Your goal: Omit the pictures, and output the rest of the entries exactly as written.

Input for this task:
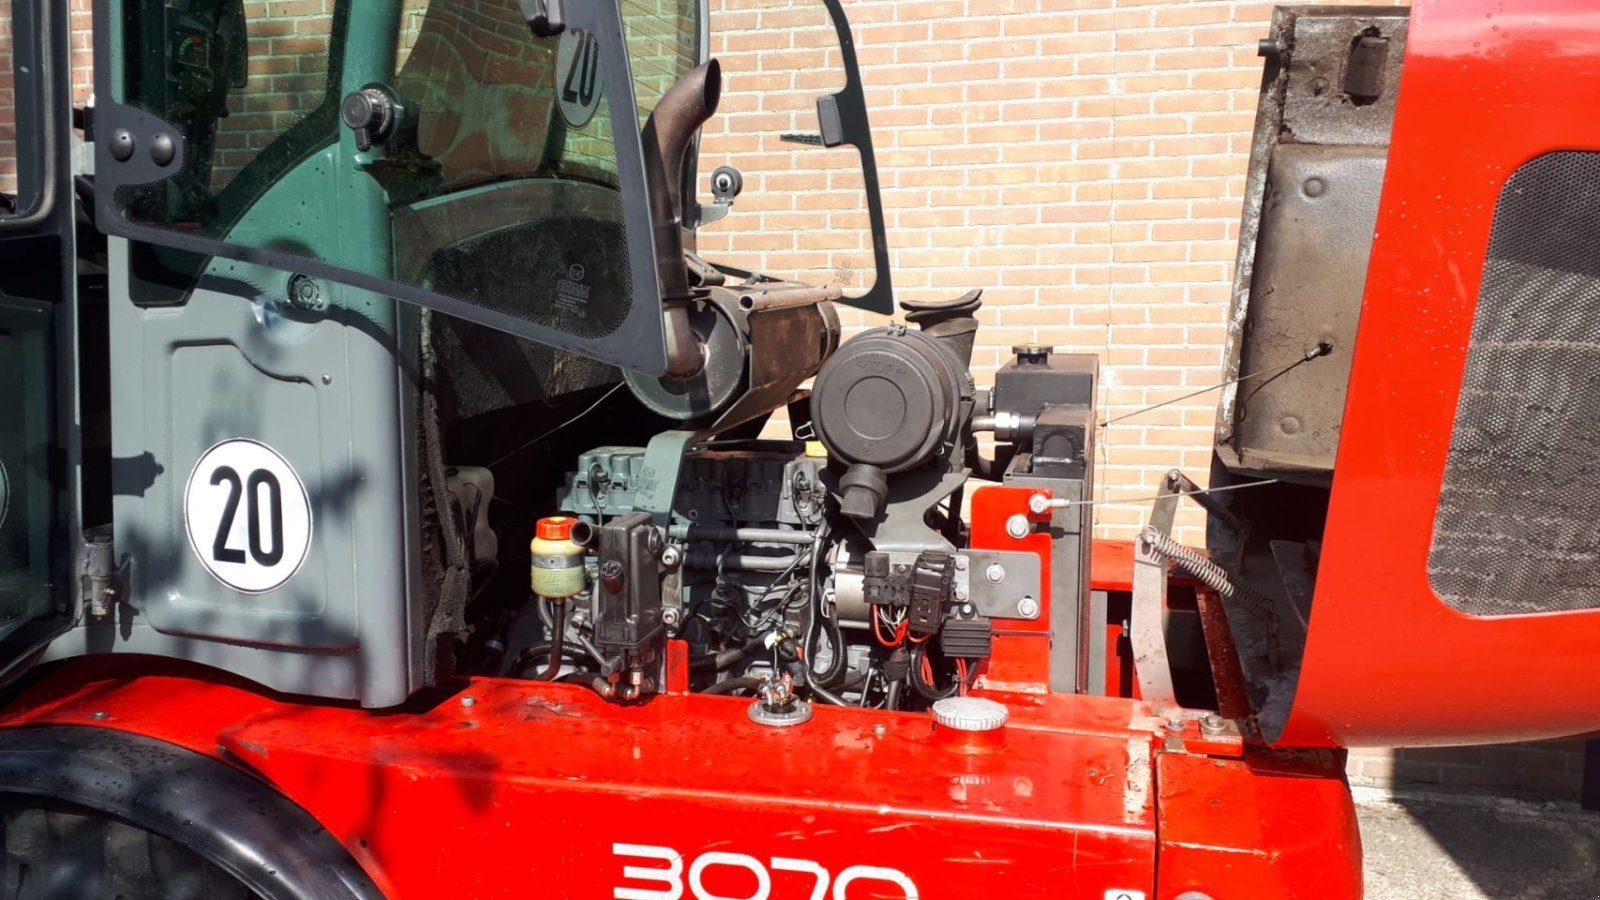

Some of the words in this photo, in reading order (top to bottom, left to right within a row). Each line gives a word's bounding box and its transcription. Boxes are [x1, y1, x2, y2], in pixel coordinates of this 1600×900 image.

[563, 28, 599, 107] 20
[210, 465, 284, 567] 20
[612, 842, 919, 900] 3070
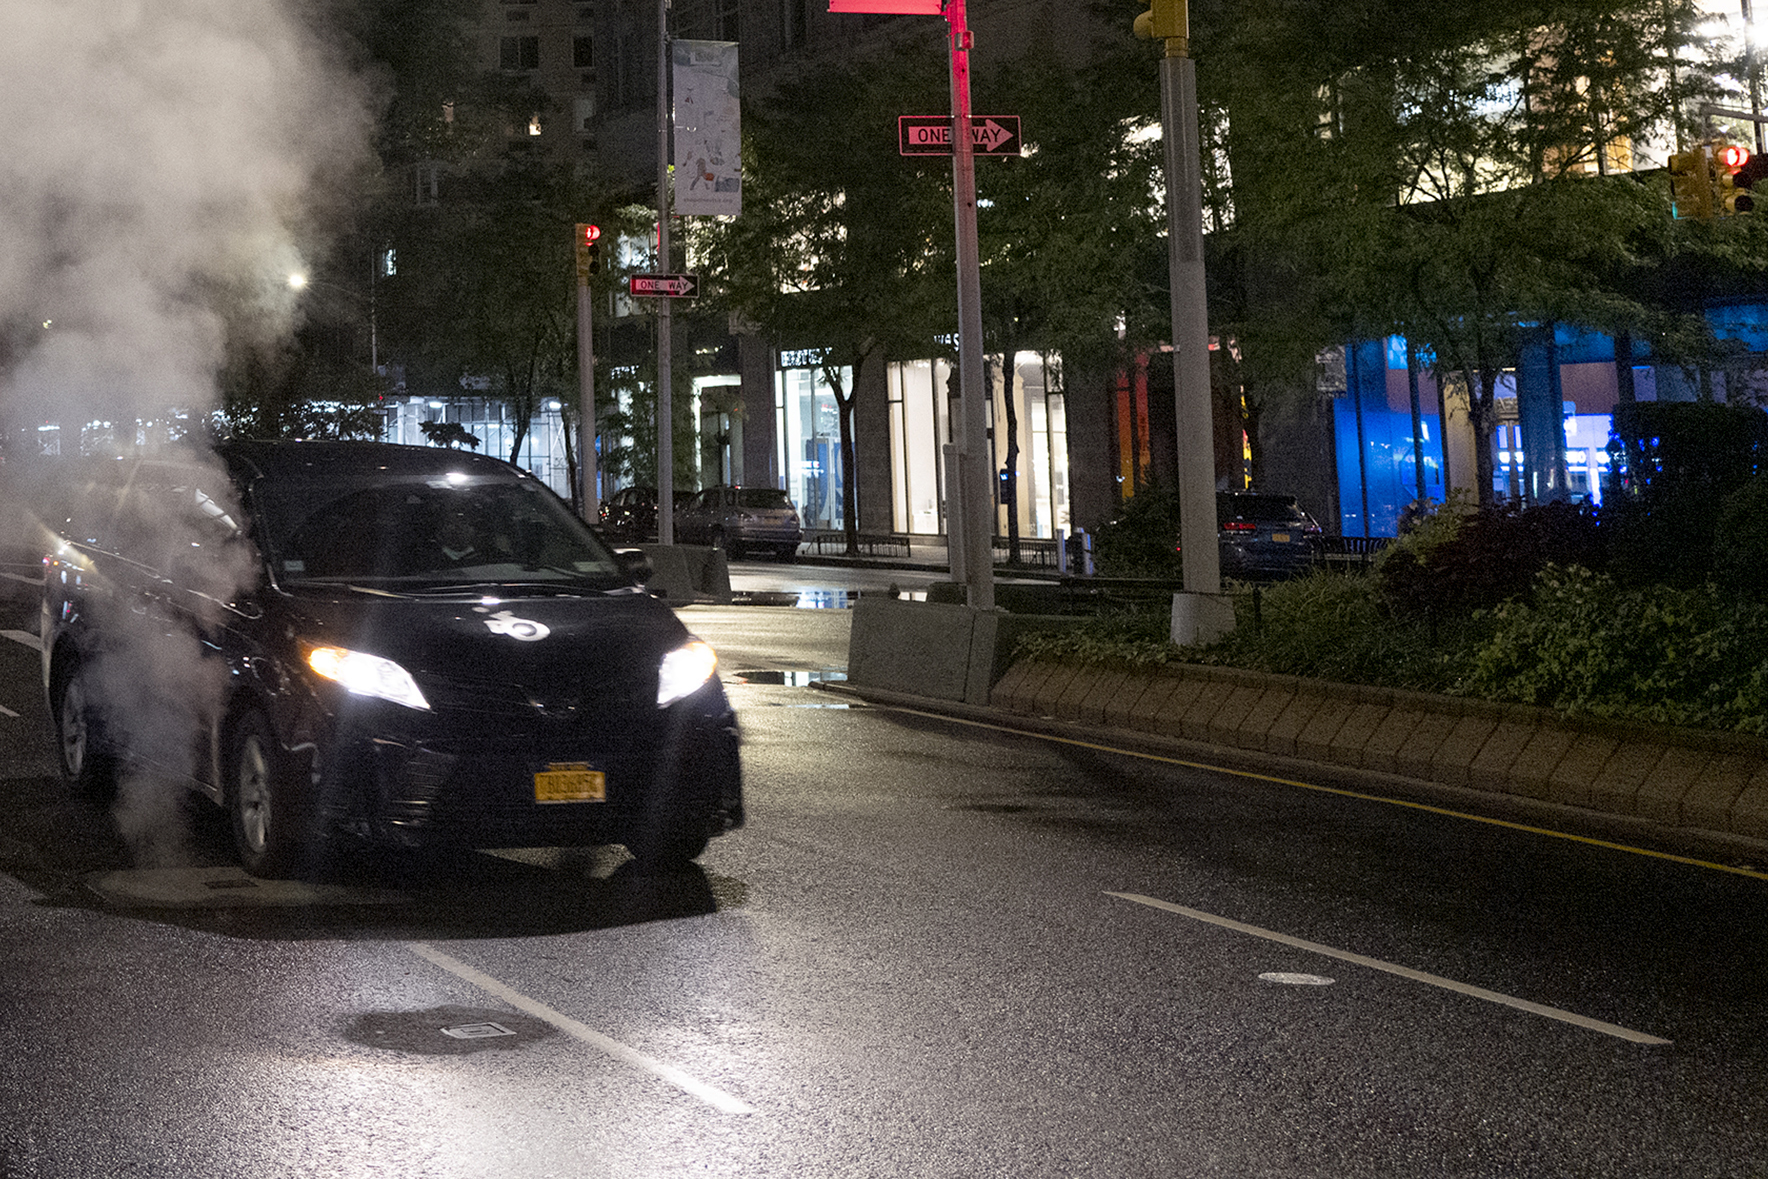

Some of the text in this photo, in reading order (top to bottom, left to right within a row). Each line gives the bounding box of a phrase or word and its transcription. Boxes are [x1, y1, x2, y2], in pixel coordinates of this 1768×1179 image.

[918, 128, 952, 143] ONE
[640, 281, 689, 290] ONE WAY

Task response:
Some of the words in this photo, in reading order (top to bottom, left to right within a row). Each line gives a word's bounding box and its transcription. Boxes are [x1, y1, x2, y2], in pixel coordinates of this 1600×900 image.

[563, 28, 599, 107] 20
[210, 465, 284, 567] 20
[612, 842, 919, 900] 3070

Some of the text in this photo, in reading order (top to bottom, left to right within a row). Each line gives the bounding box of a phrase or word and its transcription. Boxes are [x1, y1, x2, y2], in pixel coordinates of this 1768×1179 image.

[918, 128, 952, 143] ONE
[640, 281, 689, 290] ONE WAY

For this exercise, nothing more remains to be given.